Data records
-------

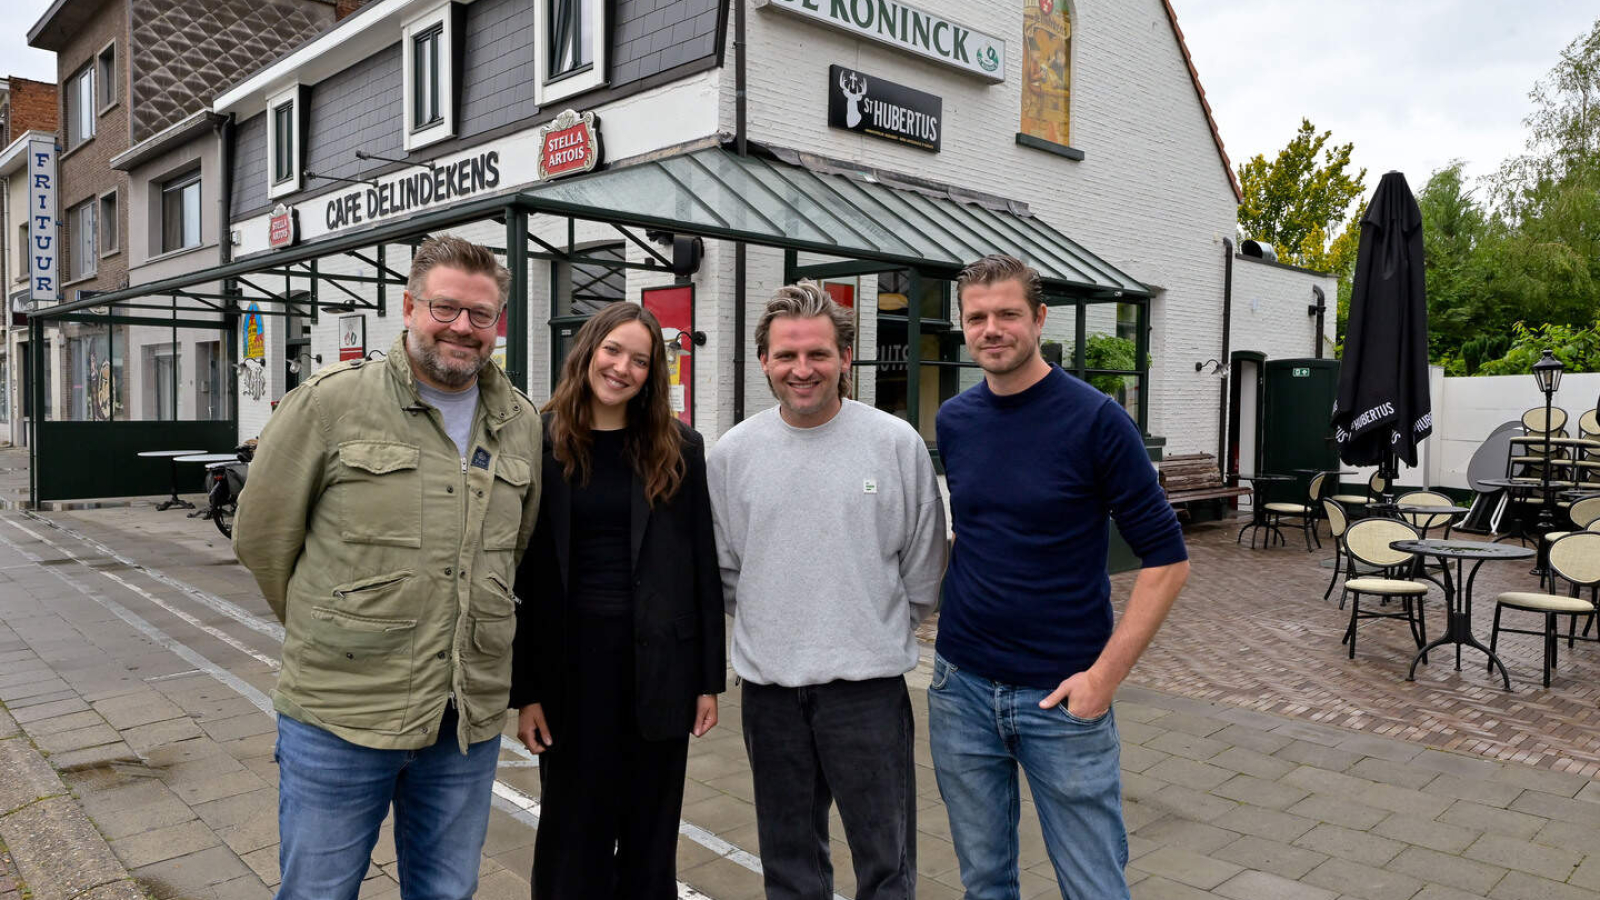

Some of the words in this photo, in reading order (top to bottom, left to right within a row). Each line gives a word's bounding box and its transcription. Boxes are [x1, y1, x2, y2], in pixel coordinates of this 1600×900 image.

[873, 100, 938, 141] HUBERTUS
[548, 131, 583, 152] STELLA
[549, 146, 585, 167] ARTOIS
[34, 153, 53, 291] FRITUUR
[326, 191, 362, 230] CAFE
[1353, 401, 1395, 431] HUBERTUS

-------

→ **ASSIGNMENT**
Without the images, print all of the lines above exactly.

→ **COMPLETED EXERCISE**
Some of the words in this photo, in reading order (top to bottom, left to right within a row). Each line gives a word's bounding box and its transcription. Boxes are [x1, y1, x2, y2], in pixel coordinates of this 1600×900 image.

[873, 100, 938, 141] HUBERTUS
[548, 131, 583, 152] STELLA
[549, 146, 585, 167] ARTOIS
[34, 153, 53, 291] FRITUUR
[326, 191, 362, 230] CAFE
[1353, 401, 1395, 431] HUBERTUS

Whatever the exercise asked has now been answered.